Task
Reproduce the records below exactly, leaving out any pictures.

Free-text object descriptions
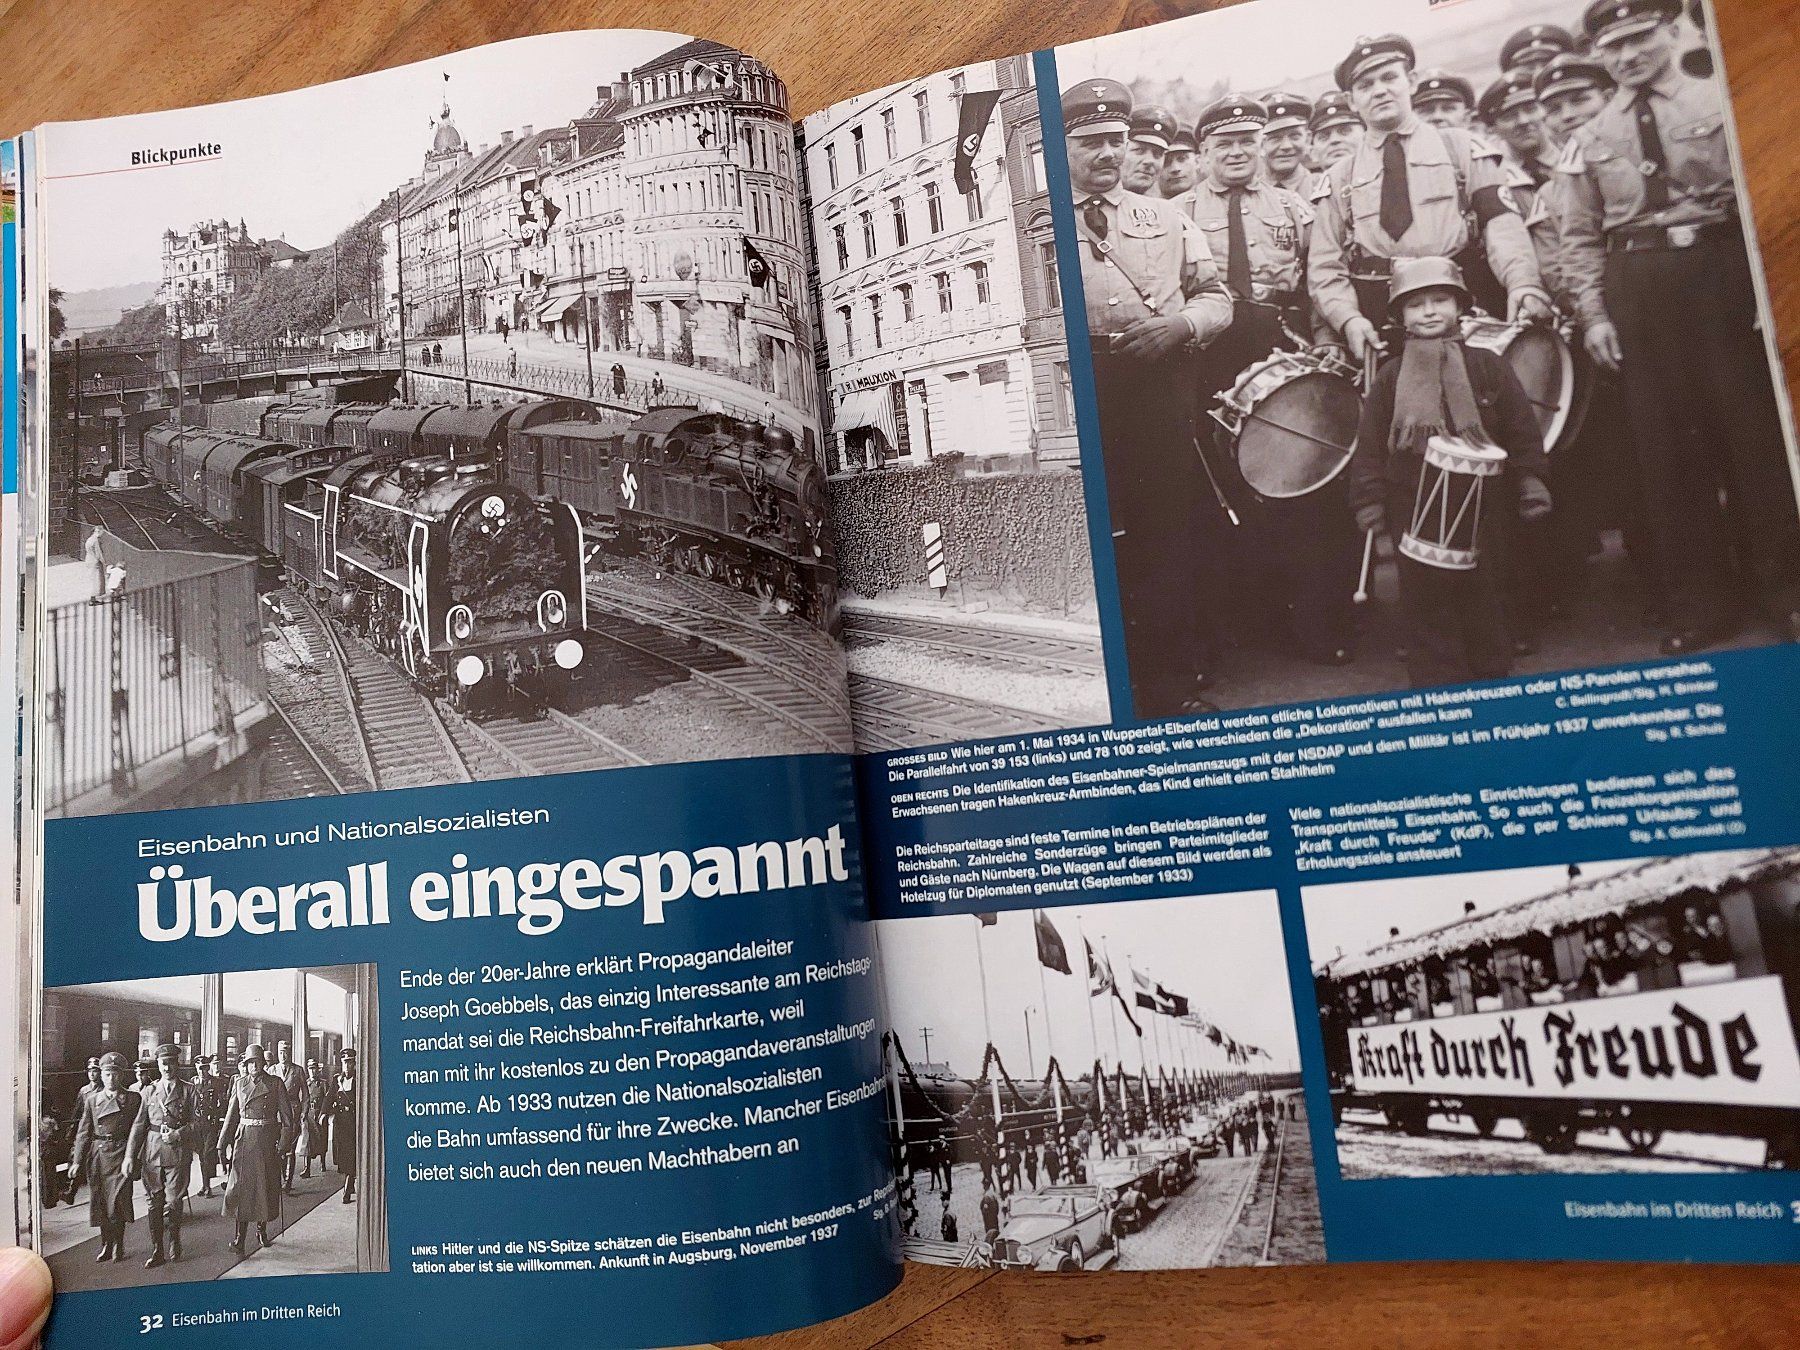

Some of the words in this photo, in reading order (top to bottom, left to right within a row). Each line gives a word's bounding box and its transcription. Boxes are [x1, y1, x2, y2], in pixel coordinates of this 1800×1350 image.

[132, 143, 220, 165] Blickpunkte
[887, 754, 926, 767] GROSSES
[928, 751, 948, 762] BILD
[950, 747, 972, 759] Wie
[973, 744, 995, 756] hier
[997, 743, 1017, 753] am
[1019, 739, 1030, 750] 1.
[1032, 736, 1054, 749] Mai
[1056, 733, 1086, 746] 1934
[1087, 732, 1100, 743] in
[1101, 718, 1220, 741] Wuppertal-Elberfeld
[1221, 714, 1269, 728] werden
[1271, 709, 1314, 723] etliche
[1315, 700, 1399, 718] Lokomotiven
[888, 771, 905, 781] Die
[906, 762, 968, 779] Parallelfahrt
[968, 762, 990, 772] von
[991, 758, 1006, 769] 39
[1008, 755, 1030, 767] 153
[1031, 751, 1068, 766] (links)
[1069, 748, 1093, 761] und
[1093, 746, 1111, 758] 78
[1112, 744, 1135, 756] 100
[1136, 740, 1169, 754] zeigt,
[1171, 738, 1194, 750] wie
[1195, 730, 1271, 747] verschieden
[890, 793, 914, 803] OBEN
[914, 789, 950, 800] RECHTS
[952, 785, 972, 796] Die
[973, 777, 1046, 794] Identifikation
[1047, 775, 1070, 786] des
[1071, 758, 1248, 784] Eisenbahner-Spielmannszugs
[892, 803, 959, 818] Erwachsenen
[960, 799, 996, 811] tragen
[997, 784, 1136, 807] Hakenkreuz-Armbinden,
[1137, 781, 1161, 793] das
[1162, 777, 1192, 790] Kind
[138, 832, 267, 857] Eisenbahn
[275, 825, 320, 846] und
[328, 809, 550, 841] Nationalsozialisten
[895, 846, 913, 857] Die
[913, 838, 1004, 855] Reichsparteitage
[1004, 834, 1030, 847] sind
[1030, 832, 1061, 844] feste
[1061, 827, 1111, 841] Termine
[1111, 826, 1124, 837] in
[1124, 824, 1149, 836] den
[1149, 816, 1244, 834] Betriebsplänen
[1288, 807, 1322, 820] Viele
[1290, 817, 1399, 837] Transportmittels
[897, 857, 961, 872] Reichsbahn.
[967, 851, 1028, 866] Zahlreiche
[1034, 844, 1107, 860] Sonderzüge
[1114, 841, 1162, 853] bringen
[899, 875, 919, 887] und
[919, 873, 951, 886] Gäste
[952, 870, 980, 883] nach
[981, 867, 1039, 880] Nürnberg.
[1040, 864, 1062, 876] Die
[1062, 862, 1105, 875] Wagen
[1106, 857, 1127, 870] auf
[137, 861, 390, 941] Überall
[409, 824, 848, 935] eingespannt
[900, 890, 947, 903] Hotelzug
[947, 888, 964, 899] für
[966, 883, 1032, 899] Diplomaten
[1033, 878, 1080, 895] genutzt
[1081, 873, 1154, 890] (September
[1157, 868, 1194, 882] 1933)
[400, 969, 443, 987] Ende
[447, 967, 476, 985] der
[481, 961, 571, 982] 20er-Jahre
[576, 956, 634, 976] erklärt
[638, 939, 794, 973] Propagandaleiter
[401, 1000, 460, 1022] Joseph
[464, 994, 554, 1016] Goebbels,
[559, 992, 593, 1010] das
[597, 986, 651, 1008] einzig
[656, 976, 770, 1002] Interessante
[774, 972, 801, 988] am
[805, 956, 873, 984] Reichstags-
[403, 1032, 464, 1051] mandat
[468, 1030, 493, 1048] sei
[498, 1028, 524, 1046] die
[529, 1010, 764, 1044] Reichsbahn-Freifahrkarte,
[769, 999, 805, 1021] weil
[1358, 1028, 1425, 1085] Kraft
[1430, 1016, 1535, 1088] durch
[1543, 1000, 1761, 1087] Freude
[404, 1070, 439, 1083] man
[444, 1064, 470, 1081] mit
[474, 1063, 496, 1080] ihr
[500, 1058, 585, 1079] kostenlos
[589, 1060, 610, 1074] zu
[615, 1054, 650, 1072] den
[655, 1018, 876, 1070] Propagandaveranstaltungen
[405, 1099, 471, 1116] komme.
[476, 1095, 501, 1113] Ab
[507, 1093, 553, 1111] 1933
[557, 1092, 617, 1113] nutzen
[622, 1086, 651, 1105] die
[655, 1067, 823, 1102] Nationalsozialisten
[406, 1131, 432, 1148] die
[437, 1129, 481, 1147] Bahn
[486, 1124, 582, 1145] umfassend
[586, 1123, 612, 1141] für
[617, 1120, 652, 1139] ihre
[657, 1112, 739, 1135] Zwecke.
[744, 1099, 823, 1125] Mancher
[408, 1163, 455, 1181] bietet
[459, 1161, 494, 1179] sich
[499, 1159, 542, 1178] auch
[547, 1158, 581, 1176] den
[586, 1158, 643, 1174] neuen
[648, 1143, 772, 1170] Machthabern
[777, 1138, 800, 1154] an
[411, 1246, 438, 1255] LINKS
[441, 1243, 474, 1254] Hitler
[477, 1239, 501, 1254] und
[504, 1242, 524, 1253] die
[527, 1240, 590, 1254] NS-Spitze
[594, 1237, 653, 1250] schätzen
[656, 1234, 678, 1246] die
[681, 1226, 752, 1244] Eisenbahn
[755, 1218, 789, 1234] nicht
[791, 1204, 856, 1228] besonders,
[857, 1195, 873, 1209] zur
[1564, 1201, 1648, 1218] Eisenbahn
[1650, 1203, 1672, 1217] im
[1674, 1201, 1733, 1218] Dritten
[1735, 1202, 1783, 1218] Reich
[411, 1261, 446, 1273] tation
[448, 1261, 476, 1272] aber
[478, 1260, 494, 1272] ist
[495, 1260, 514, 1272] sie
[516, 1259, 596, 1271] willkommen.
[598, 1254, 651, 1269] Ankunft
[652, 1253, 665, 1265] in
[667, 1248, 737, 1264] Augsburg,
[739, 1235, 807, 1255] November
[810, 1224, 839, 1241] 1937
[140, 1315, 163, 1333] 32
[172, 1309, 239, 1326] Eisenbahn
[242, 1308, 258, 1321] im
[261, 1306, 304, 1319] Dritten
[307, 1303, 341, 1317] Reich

Answer box
Some of the words in this photo, in reading order (top to bottom, left to right within a row). Each line gives a word's bounding box and its transcription. Boxes are [x1, y1, x2, y2], in pixel coordinates of this 1800×1350 image.

[132, 143, 220, 165] Blickpunkte
[887, 754, 926, 767] GROSSES
[928, 751, 948, 762] BILD
[950, 747, 972, 759] Wie
[973, 744, 995, 756] hier
[997, 743, 1017, 753] am
[1019, 739, 1030, 750] 1.
[1032, 736, 1054, 749] Mai
[1056, 733, 1086, 746] 1934
[1087, 732, 1100, 743] in
[1101, 718, 1220, 741] Wuppertal-Elberfeld
[1221, 714, 1269, 728] werden
[1271, 709, 1314, 723] etliche
[1315, 700, 1399, 718] Lokomotiven
[888, 771, 905, 781] Die
[906, 762, 968, 779] Parallelfahrt
[968, 762, 990, 772] von
[991, 758, 1006, 769] 39
[1008, 755, 1030, 767] 153
[1031, 751, 1068, 766] (links)
[1069, 748, 1093, 761] und
[1093, 746, 1111, 758] 78
[1112, 744, 1135, 756] 100
[1136, 740, 1169, 754] zeigt,
[1171, 738, 1194, 750] wie
[1195, 730, 1271, 747] verschieden
[890, 793, 914, 803] OBEN
[914, 789, 950, 800] RECHTS
[952, 785, 972, 796] Die
[973, 777, 1046, 794] Identifikation
[1047, 775, 1070, 786] des
[1071, 758, 1248, 784] Eisenbahner-Spielmannszugs
[892, 803, 959, 818] Erwachsenen
[960, 799, 996, 811] tragen
[997, 784, 1136, 807] Hakenkreuz-Armbinden,
[1137, 781, 1161, 793] das
[1162, 777, 1192, 790] Kind
[138, 832, 267, 857] Eisenbahn
[275, 825, 320, 846] und
[328, 809, 550, 841] Nationalsozialisten
[895, 846, 913, 857] Die
[913, 838, 1004, 855] Reichsparteitage
[1004, 834, 1030, 847] sind
[1030, 832, 1061, 844] feste
[1061, 827, 1111, 841] Termine
[1111, 826, 1124, 837] in
[1124, 824, 1149, 836] den
[1149, 816, 1244, 834] Betriebsplänen
[1288, 807, 1322, 820] Viele
[1290, 817, 1399, 837] Transportmittels
[897, 857, 961, 872] Reichsbahn.
[967, 851, 1028, 866] Zahlreiche
[1034, 844, 1107, 860] Sonderzüge
[1114, 841, 1162, 853] bringen
[899, 875, 919, 887] und
[919, 873, 951, 886] Gäste
[952, 870, 980, 883] nach
[981, 867, 1039, 880] Nürnberg.
[1040, 864, 1062, 876] Die
[1062, 862, 1105, 875] Wagen
[1106, 857, 1127, 870] auf
[137, 861, 390, 941] Überall
[409, 824, 848, 935] eingespannt
[900, 890, 947, 903] Hotelzug
[947, 888, 964, 899] für
[966, 883, 1032, 899] Diplomaten
[1033, 878, 1080, 895] genutzt
[1081, 873, 1154, 890] (September
[1157, 868, 1194, 882] 1933)
[400, 969, 443, 987] Ende
[447, 967, 476, 985] der
[481, 961, 571, 982] 20er-Jahre
[576, 956, 634, 976] erklärt
[638, 939, 794, 973] Propagandaleiter
[401, 1000, 460, 1022] Joseph
[464, 994, 554, 1016] Goebbels,
[559, 992, 593, 1010] das
[597, 986, 651, 1008] einzig
[656, 976, 770, 1002] Interessante
[774, 972, 801, 988] am
[805, 956, 873, 984] Reichstags-
[403, 1032, 464, 1051] mandat
[468, 1030, 493, 1048] sei
[498, 1028, 524, 1046] die
[529, 1010, 764, 1044] Reichsbahn-Freifahrkarte,
[769, 999, 805, 1021] weil
[1358, 1028, 1425, 1085] Kraft
[1430, 1016, 1535, 1088] durch
[1543, 1000, 1761, 1087] Freude
[404, 1070, 439, 1083] man
[444, 1064, 470, 1081] mit
[474, 1063, 496, 1080] ihr
[500, 1058, 585, 1079] kostenlos
[589, 1060, 610, 1074] zu
[615, 1054, 650, 1072] den
[655, 1018, 876, 1070] Propagandaveranstaltungen
[405, 1099, 471, 1116] komme.
[476, 1095, 501, 1113] Ab
[507, 1093, 553, 1111] 1933
[557, 1092, 617, 1113] nutzen
[622, 1086, 651, 1105] die
[655, 1067, 823, 1102] Nationalsozialisten
[406, 1131, 432, 1148] die
[437, 1129, 481, 1147] Bahn
[486, 1124, 582, 1145] umfassend
[586, 1123, 612, 1141] für
[617, 1120, 652, 1139] ihre
[657, 1112, 739, 1135] Zwecke.
[744, 1099, 823, 1125] Mancher
[408, 1163, 455, 1181] bietet
[459, 1161, 494, 1179] sich
[499, 1159, 542, 1178] auch
[547, 1158, 581, 1176] den
[586, 1158, 643, 1174] neuen
[648, 1143, 772, 1170] Machthabern
[777, 1138, 800, 1154] an
[411, 1246, 438, 1255] LINKS
[441, 1243, 474, 1254] Hitler
[477, 1239, 501, 1254] und
[504, 1242, 524, 1253] die
[527, 1240, 590, 1254] NS-Spitze
[594, 1237, 653, 1250] schätzen
[656, 1234, 678, 1246] die
[681, 1226, 752, 1244] Eisenbahn
[755, 1218, 789, 1234] nicht
[791, 1204, 856, 1228] besonders,
[857, 1195, 873, 1209] zur
[1564, 1201, 1648, 1218] Eisenbahn
[1650, 1203, 1672, 1217] im
[1674, 1201, 1733, 1218] Dritten
[1735, 1202, 1783, 1218] Reich
[411, 1261, 446, 1273] tation
[448, 1261, 476, 1272] aber
[478, 1260, 494, 1272] ist
[495, 1260, 514, 1272] sie
[516, 1259, 596, 1271] willkommen.
[598, 1254, 651, 1269] Ankunft
[652, 1253, 665, 1265] in
[667, 1248, 737, 1264] Augsburg,
[739, 1235, 807, 1255] November
[810, 1224, 839, 1241] 1937
[140, 1315, 163, 1333] 32
[172, 1309, 239, 1326] Eisenbahn
[242, 1308, 258, 1321] im
[261, 1306, 304, 1319] Dritten
[307, 1303, 341, 1317] Reich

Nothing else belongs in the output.